**WHAT IS NEEDED:** Type out the complete listing below word for word, without its pictures.

··· DATA SHOWN

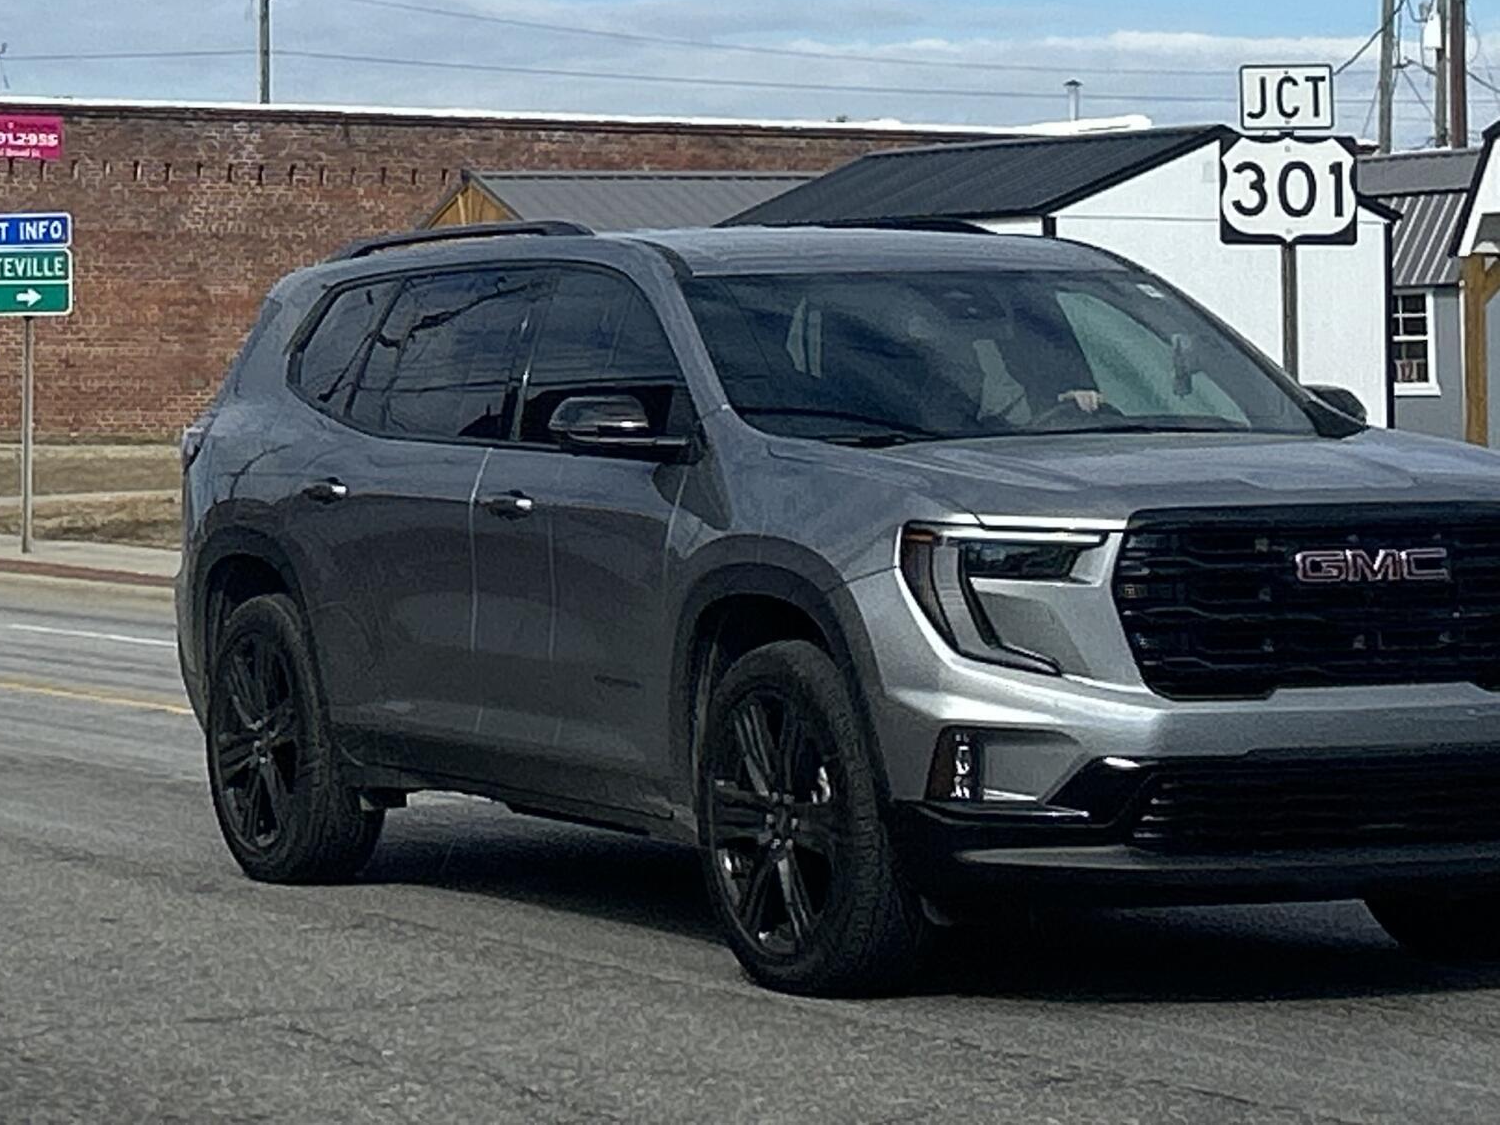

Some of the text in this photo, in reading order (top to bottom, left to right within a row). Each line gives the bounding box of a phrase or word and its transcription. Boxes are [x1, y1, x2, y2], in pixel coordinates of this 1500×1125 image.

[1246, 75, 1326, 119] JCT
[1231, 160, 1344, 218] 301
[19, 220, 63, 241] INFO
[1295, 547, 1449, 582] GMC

······

**ANSWER BOX:**
Some of the text in this photo, in reading order (top to bottom, left to right within a row). Each line gives the bounding box of a phrase or word and its transcription. Boxes are [x1, y1, x2, y2], in pixel coordinates of this 1500×1125 image.

[1246, 75, 1326, 119] JCT
[1231, 160, 1344, 218] 301
[19, 220, 63, 241] INFO
[1295, 547, 1449, 582] GMC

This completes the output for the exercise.